The dog days of August offer prime time for financial planning and goal reviews. Sure, no one wants to consume vacation time with thoughts of budgets and investments and planning. The clearer heads that prevail when not consumed by work, however, provide optimal opportunities for focusing on such tasks. Maybe run through mental checklists while driving or sitting in the airport waiting for flight to board… work with me here: it will be to your benefit.

The review process need not be ridiculously time consuming and tedious. If it is, your process probably could use some help.  Please feel free to give us a call (713-444-3560), we are here to help. I recommend addressing three inter-related topics:

  1. Evaluate your budget
  2. Focus on your goals
  3. Consider you tax position

Just a guess here, but the unrelenting discussions of inflation omnipresent through the first half of 2022 likely impacted more than a few components of your budget. The costs of home ownership or rent, gasoline, and food almost certainly rose to levels significantly above expectations set earlier in the year. As a result of price escalations, savings and credit card balances may have suffered inordinately. Not to be a Negative Nelly and ruin your Bloody Mary buzz, but these could turn out to be big issues if the job market weakens later in late 2022 or in 2023 as the U.S. Federal Reserve continues to hike interest rates to curb that aforementioned inflation. Fail to plan, plan to fail – just sayin’.

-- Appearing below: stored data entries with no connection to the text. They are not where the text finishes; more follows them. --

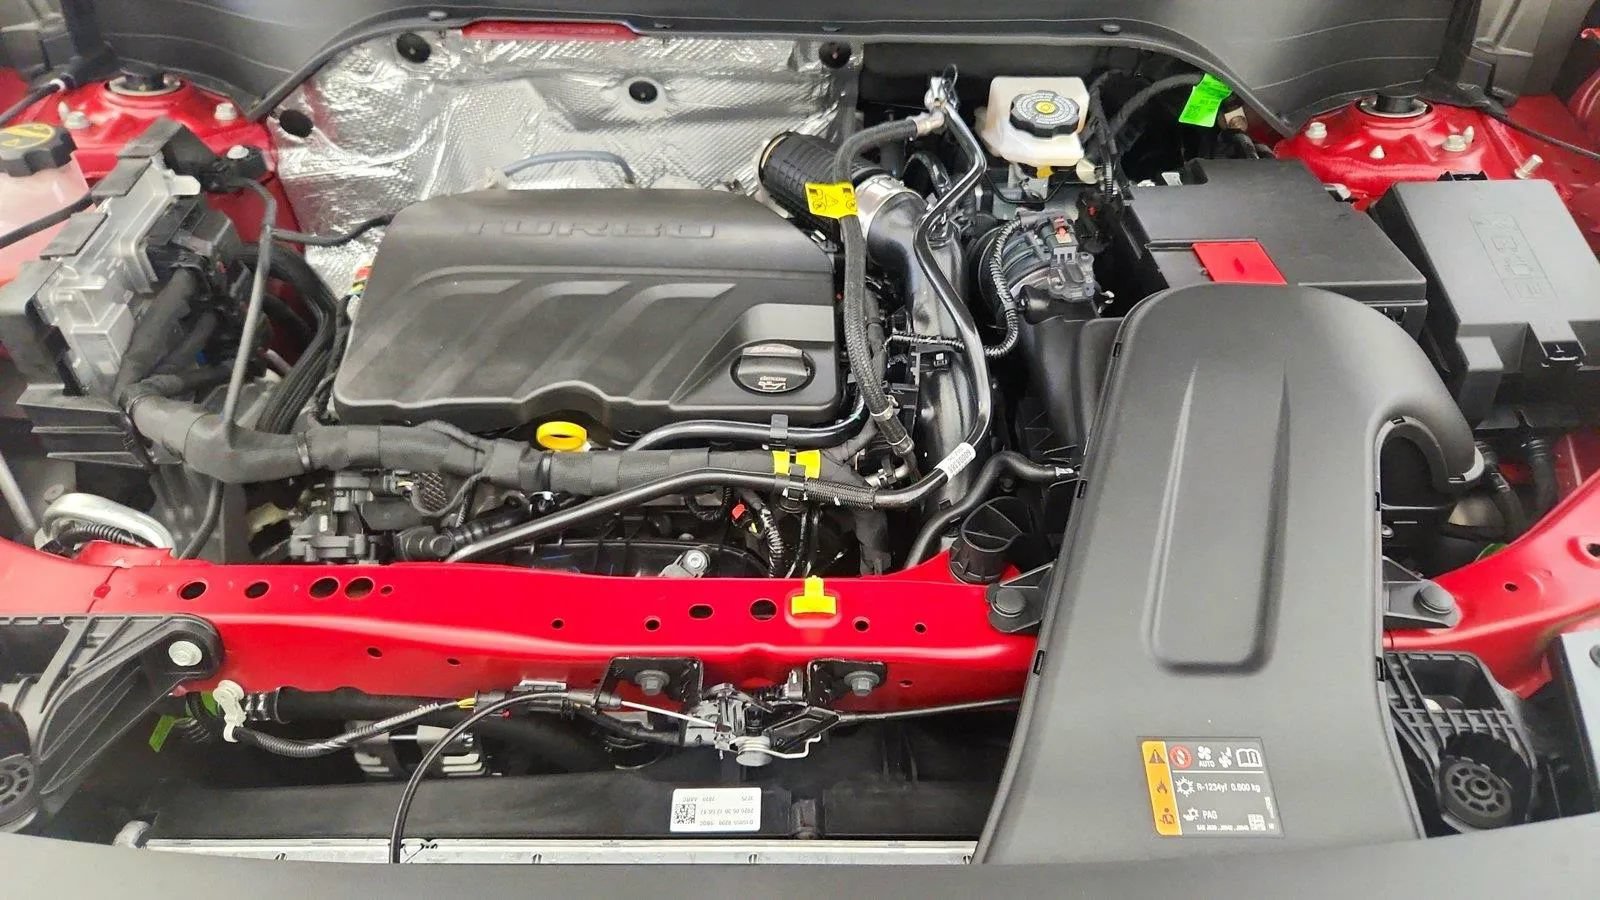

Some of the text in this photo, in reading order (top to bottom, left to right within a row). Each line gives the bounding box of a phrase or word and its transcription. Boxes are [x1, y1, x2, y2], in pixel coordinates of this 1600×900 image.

[466, 220, 716, 239] TURBO
[1199, 760, 1215, 768] AUTO
[1251, 783, 1260, 793] kg
[1202, 810, 1218, 820] PAG
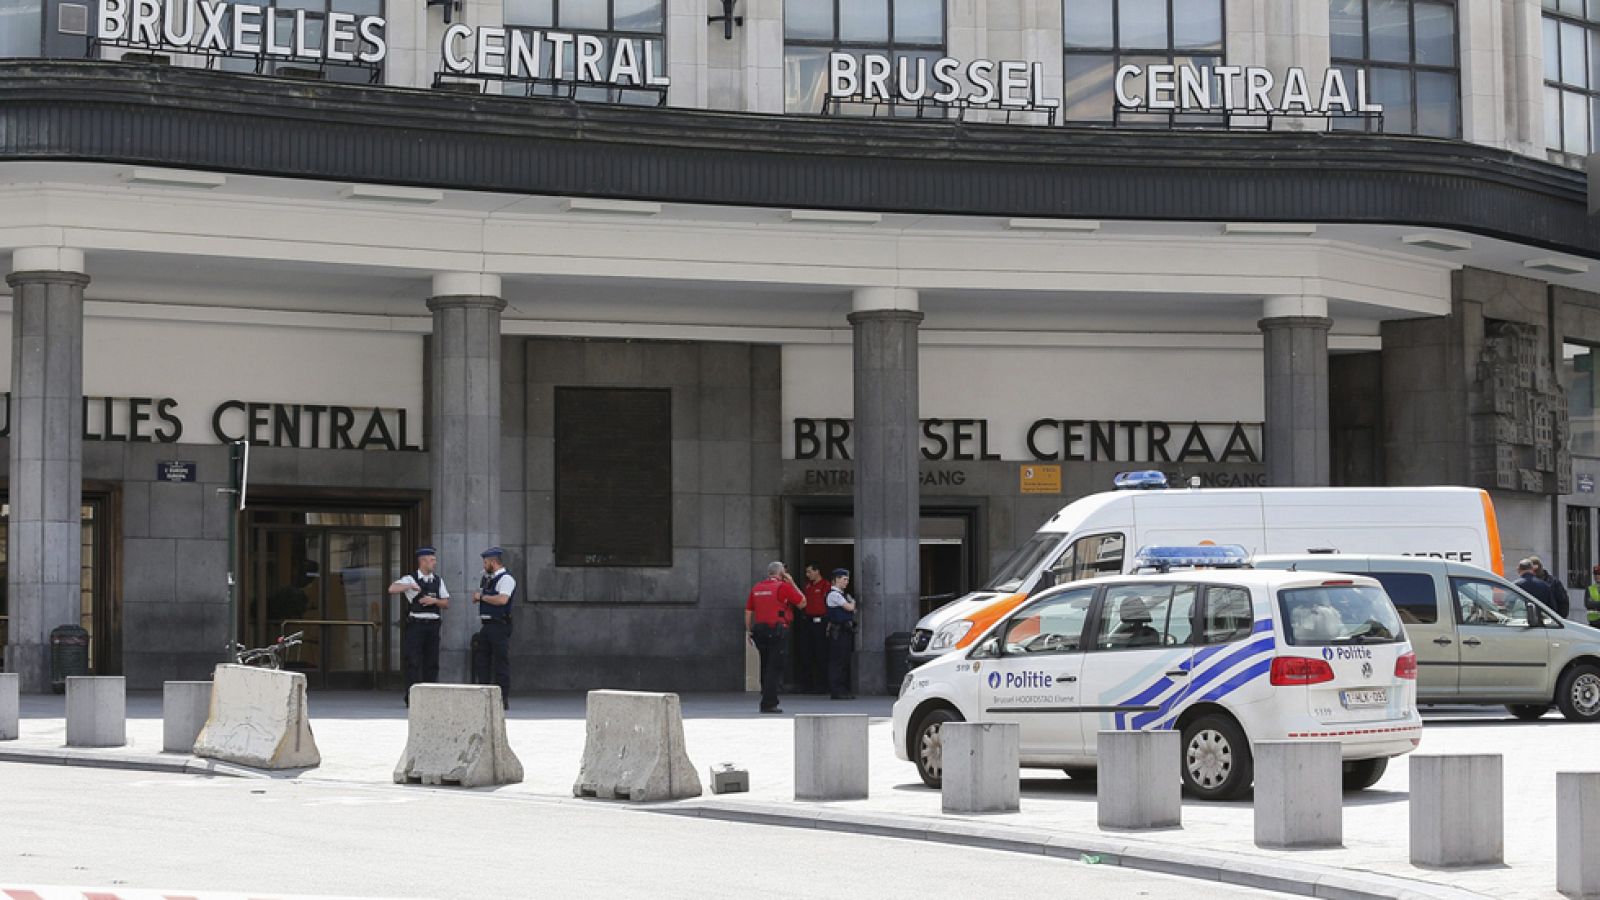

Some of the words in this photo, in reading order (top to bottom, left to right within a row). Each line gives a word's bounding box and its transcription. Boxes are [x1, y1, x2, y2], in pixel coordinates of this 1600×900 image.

[97, 0, 387, 63] BRUXELLES
[443, 24, 670, 87] CENTRAL
[830, 52, 1059, 107] BRUSSEL
[1115, 64, 1384, 112] CENTRAAL
[212, 400, 423, 451] CENTRAL
[795, 417, 1000, 461] BRSEL
[1026, 418, 1265, 463] CENTRAA
[1337, 646, 1372, 659] Politie
[1006, 671, 1053, 689] Politie

My comments in the prior paragraph segue directly into this point: evaluate what changed from your last budgeting review to this assessment. Things likely changed for the good and the bad. If those two canceled each other out, “Hot dog!” order another Bloody Mary and quit reading. Higher probabilities exist that either “good” or “bad” outweighed the other through the first seven months of 2022. In this event what actions need to be undertaken before year-end 2022 to realign your means with your goals? Or, how do your goals need to be adjusted to improve your financial position and comfort level heading into 2023? Rarely do we suffer from poor planning when future events turn out to be better than our expectations. However, if 2023 underwhelms expectations how well positioned are you to attain peace of mind and endure until those rosier scenarios materialize?

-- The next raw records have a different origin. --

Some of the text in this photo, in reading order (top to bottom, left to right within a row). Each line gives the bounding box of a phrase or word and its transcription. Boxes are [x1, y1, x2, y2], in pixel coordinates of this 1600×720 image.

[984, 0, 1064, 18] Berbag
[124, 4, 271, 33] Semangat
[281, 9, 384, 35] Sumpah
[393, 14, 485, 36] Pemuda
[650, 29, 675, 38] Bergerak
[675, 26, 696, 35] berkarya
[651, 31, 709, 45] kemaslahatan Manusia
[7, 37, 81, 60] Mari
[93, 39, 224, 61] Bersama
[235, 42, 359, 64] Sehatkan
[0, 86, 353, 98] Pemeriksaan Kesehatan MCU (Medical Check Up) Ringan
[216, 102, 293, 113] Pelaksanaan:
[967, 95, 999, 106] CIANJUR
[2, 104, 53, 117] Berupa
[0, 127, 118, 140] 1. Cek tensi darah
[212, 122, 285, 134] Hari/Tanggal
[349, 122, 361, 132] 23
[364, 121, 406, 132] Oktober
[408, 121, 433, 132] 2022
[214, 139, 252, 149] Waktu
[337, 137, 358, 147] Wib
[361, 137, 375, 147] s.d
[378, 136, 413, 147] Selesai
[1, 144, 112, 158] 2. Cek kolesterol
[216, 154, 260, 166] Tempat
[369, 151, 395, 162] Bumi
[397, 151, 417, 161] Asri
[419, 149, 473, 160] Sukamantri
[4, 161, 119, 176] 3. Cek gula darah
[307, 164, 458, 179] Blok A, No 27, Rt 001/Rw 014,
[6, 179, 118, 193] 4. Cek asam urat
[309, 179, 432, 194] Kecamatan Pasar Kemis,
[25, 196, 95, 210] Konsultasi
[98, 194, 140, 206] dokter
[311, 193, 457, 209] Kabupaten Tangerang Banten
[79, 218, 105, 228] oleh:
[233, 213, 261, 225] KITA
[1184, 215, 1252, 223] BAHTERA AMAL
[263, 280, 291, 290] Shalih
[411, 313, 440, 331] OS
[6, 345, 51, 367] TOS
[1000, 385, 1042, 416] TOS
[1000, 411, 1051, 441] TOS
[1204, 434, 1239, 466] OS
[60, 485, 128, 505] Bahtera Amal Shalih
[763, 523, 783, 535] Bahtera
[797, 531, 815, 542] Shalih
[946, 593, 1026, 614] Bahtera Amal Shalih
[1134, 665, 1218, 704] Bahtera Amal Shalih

Finally, it behooves one to complete at least one mid-year tax review to guard against surprises. A quick review of a paystub may confirm that deductions remain sufficient to avoid having to write Uncle Sam a check come April. Alternatively, a gap in tax withholding and a pay increase or mid-year retention bonus (good for you!) may present an opportunity to increase 401(k) contributions through the rest of the year or to open a Roth Individual Retirement Account (IRA). If you just go spend it, you keep driving more of that inflation that led this process in the first place, just kidding…not. Anyway, twenty minutes on tax planning could save you angst and a few thousand dollars down the road. I kid you not: a new client called April 10th last year to open an IRA after his accountant discovered insufficient tax withholding throughout the year. A quick review and the client could have leisurely pursued opening an IRA rather than hustling through the process and creating anxiety for himself and his wife. A little time here could go a long way later.  Happy August!